Assigned task: Your copy should match the listing below exactly, except that it holds no images.
■ ■ ■ ■ ■ ■ ■
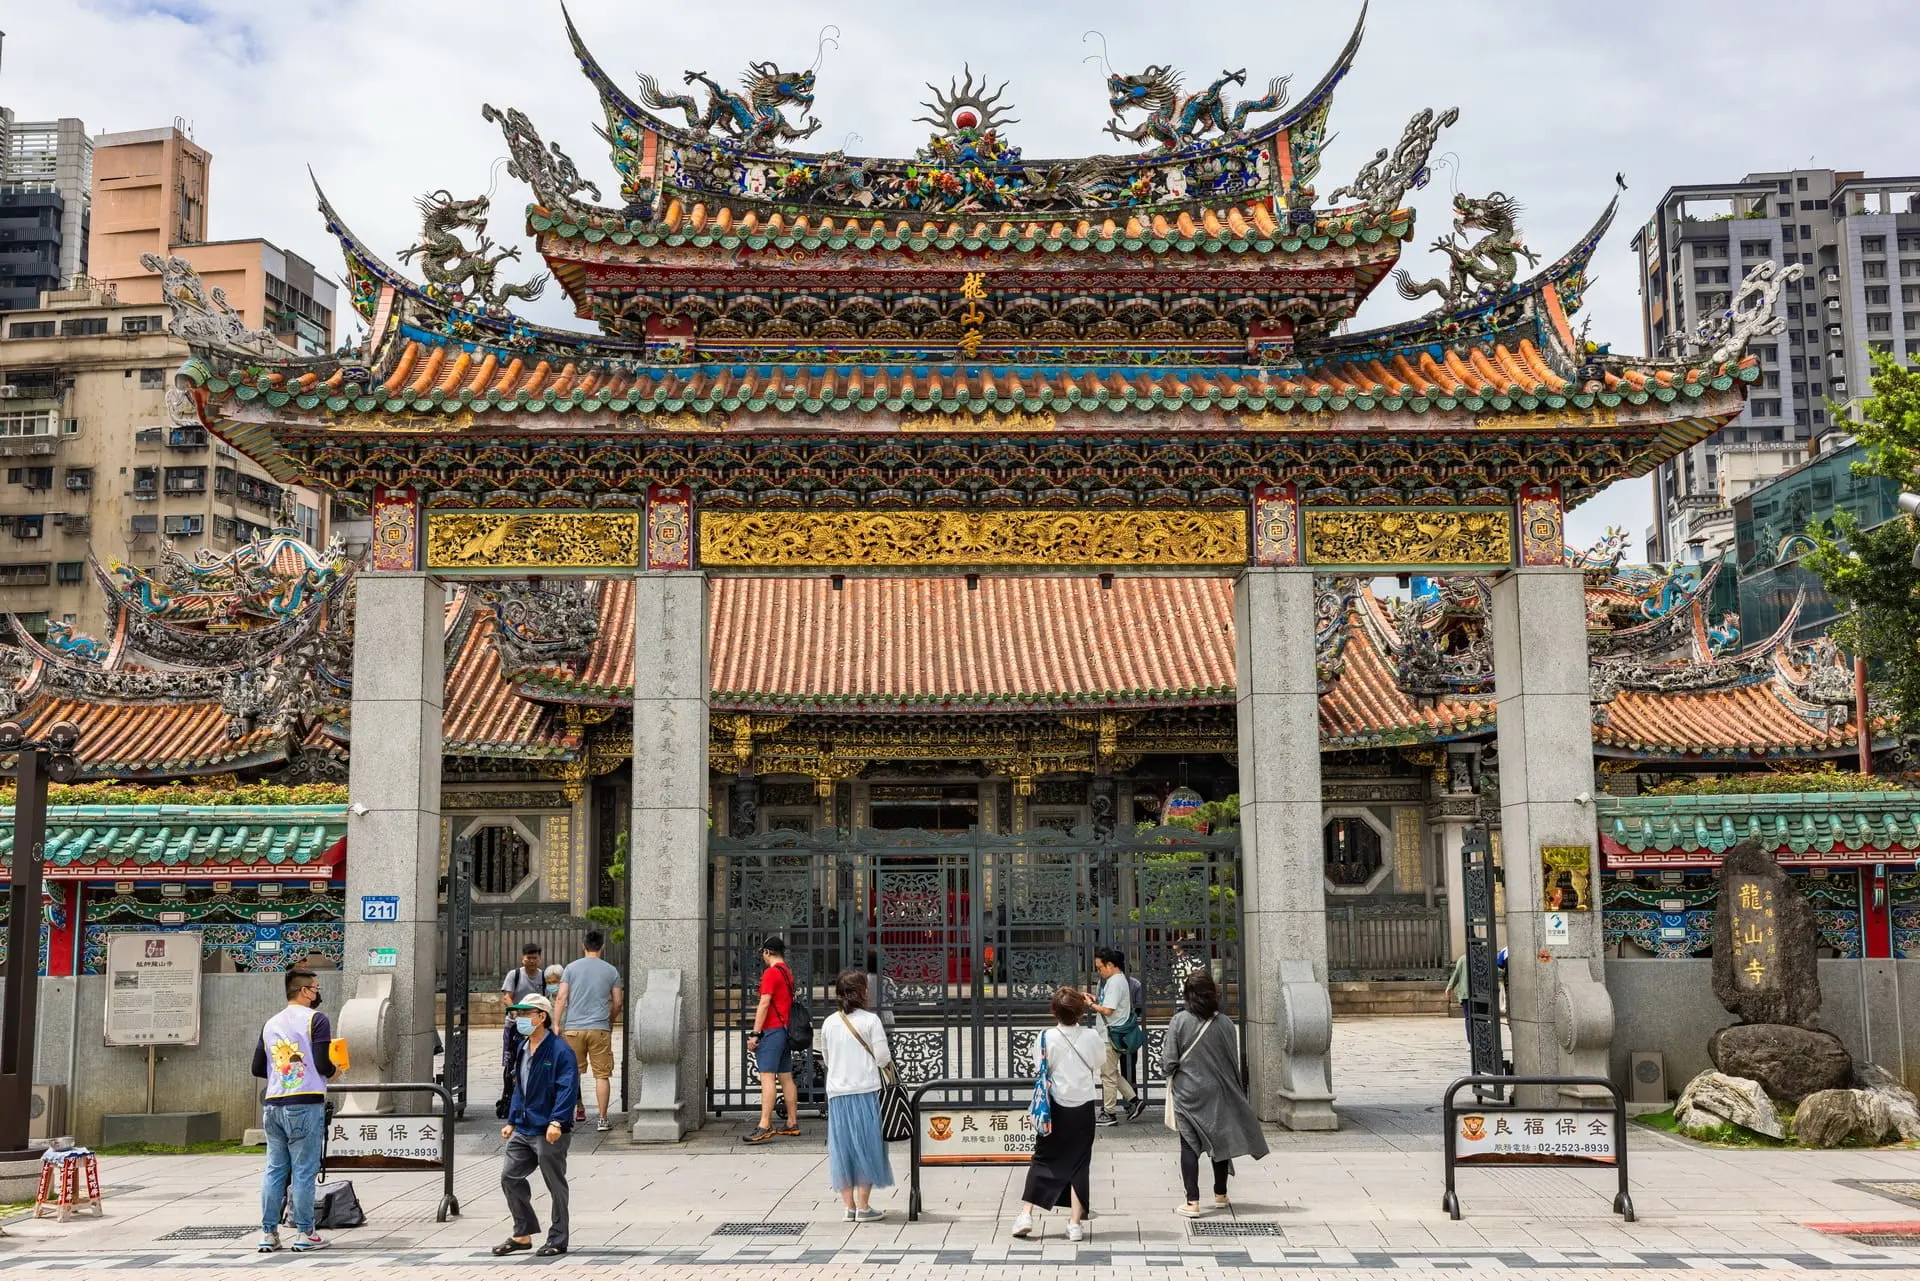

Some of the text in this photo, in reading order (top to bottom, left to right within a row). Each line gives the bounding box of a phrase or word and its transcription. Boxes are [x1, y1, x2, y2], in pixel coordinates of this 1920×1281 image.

[958, 271, 988, 359] 龍山寺
[367, 905, 393, 918] 211
[1738, 883, 1765, 985] 龍山寺
[377, 955, 393, 964] 211
[331, 1124, 438, 1142] 良福保全
[1494, 1117, 1608, 1136] 良福保全
[371, 1148, 438, 1157] 02-2523-8939
[1538, 1143, 1610, 1153] 02-2523-8939
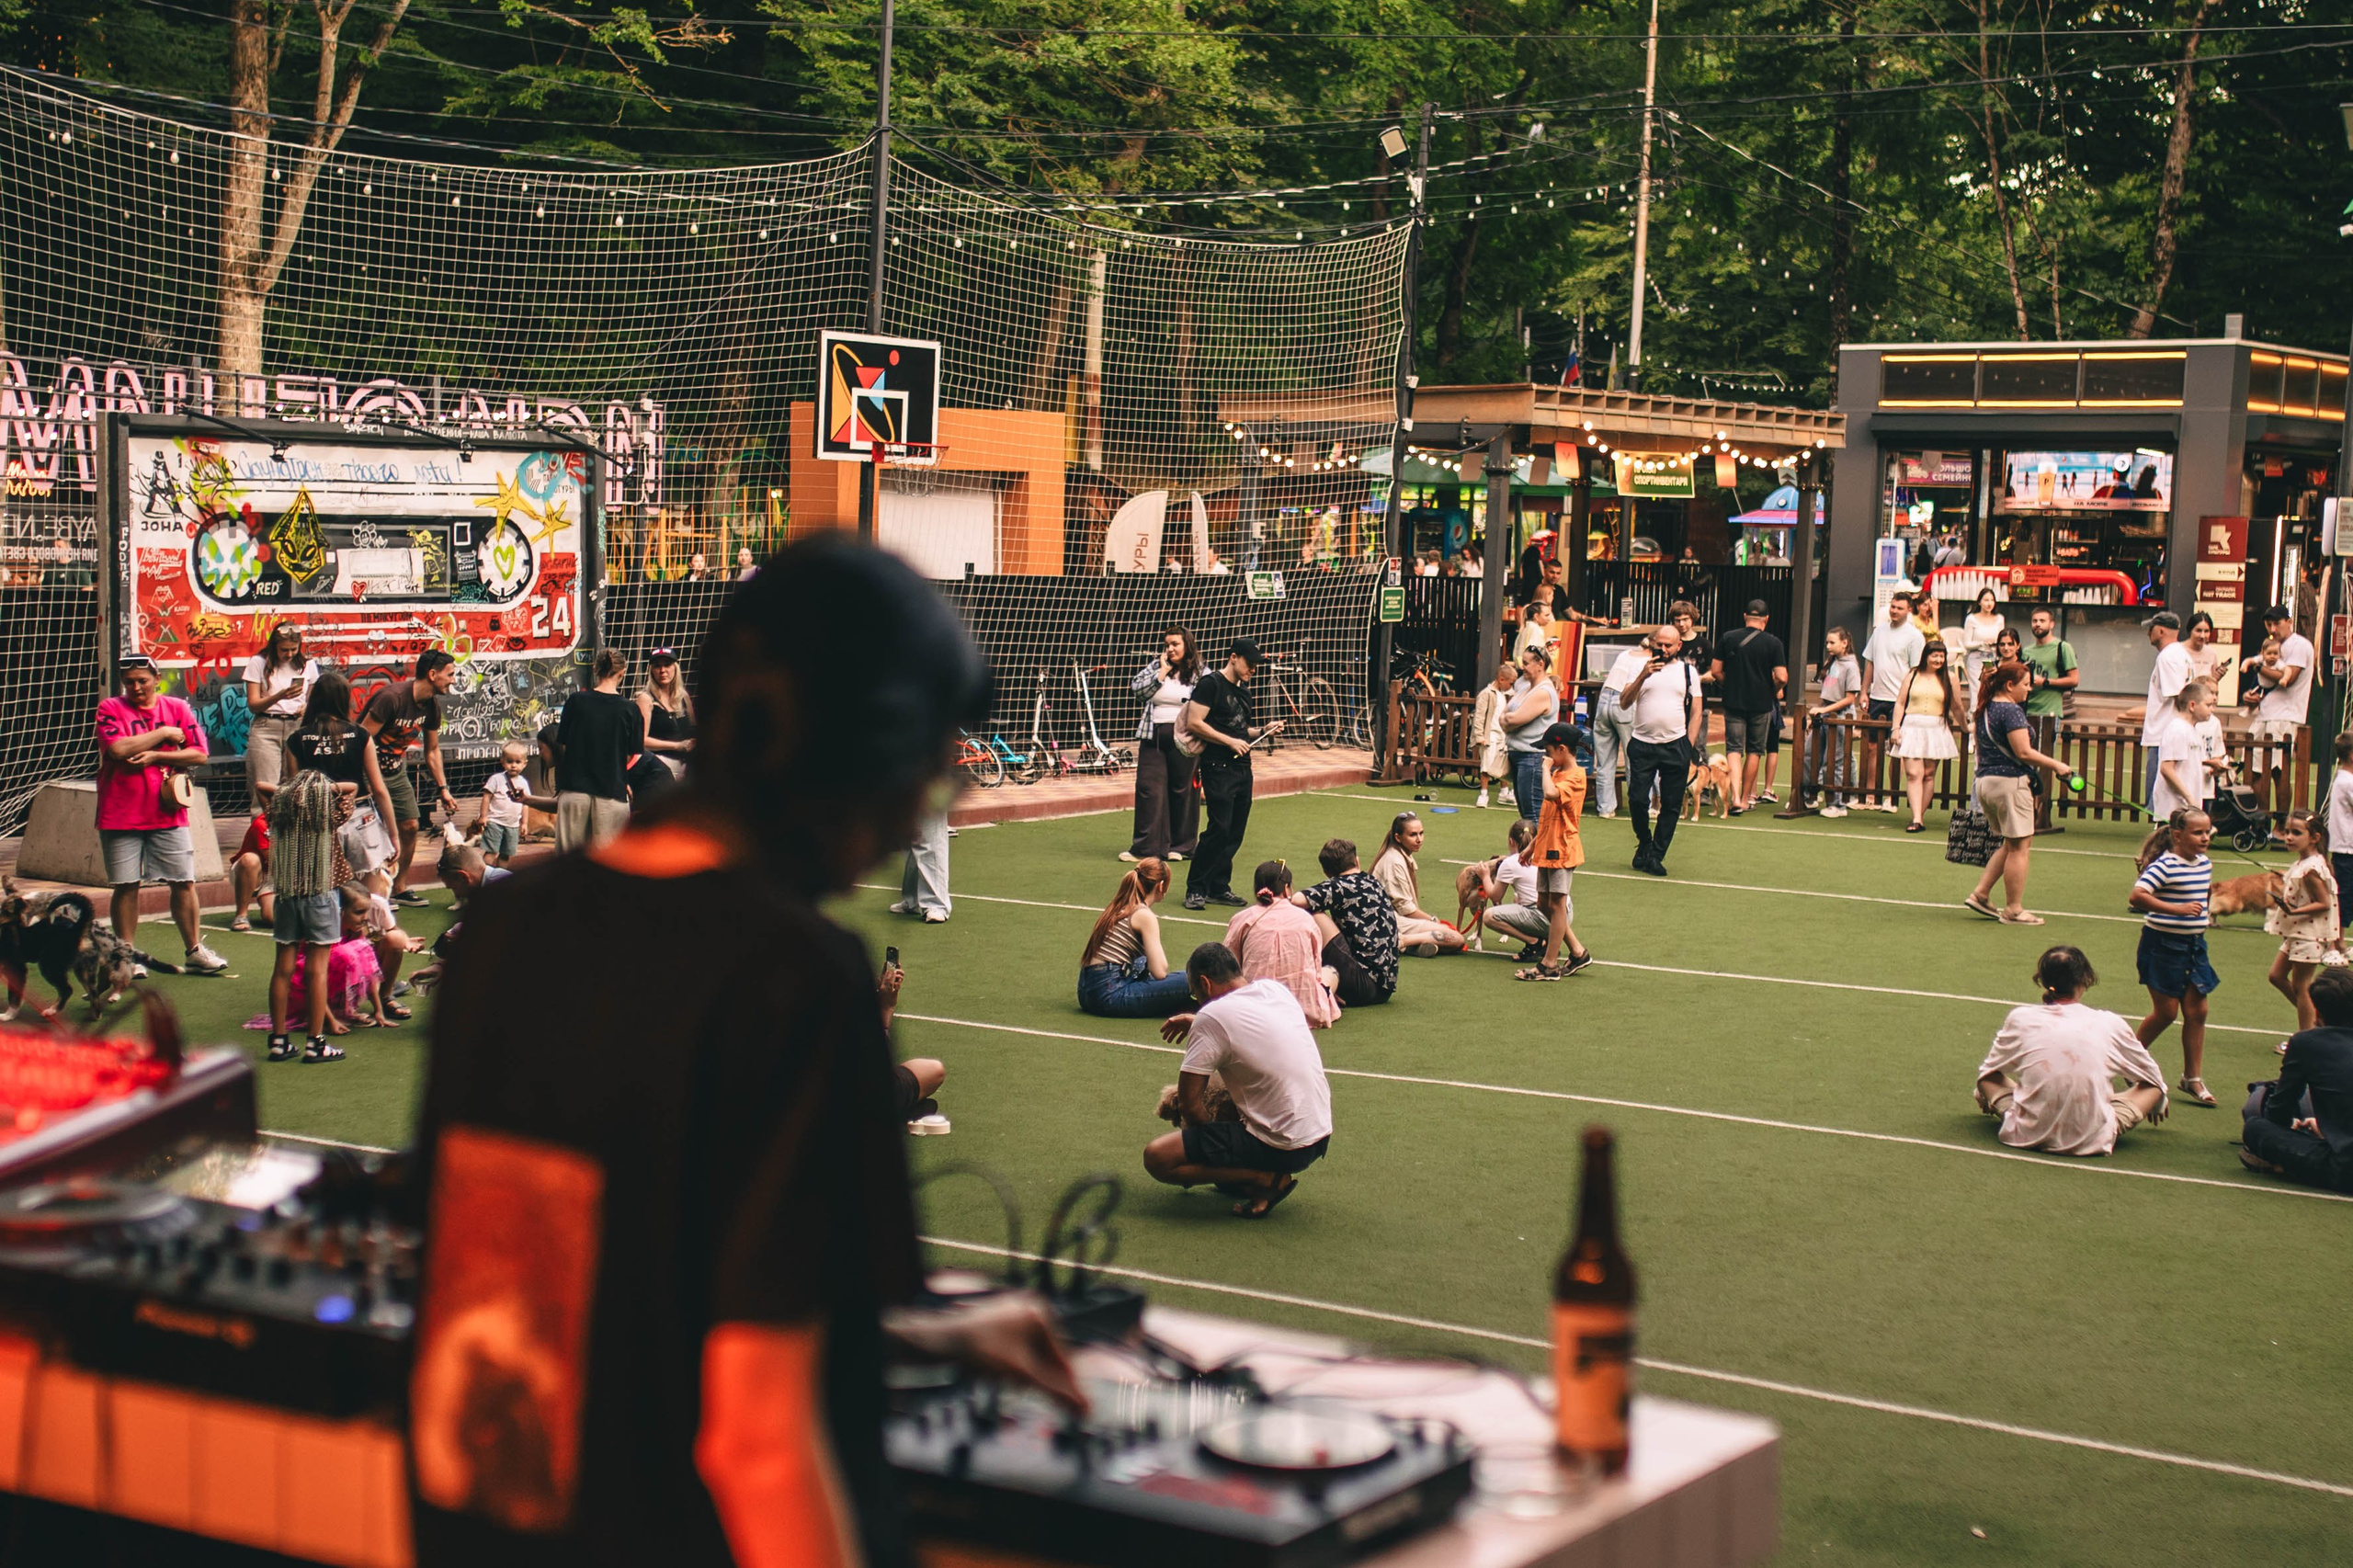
■ ■ ■ ■ ■ ■ ■
Answer space:
Some of the text in this photo, in reading order (top to bottom, left to right within a row). Each line gives the bounding box of a phrase or word and its transcription. Boxes are [x1, y1, x2, y2], in pixel coordinates of this 1920×1281 image.

[958, 271, 988, 359] 龍山寺
[367, 905, 393, 918] 211
[1738, 883, 1765, 985] 龍山寺
[377, 955, 393, 964] 211
[331, 1124, 438, 1142] 良福保全
[1494, 1117, 1608, 1136] 良福保全
[371, 1148, 438, 1157] 02-2523-8939
[1538, 1143, 1610, 1153] 02-2523-8939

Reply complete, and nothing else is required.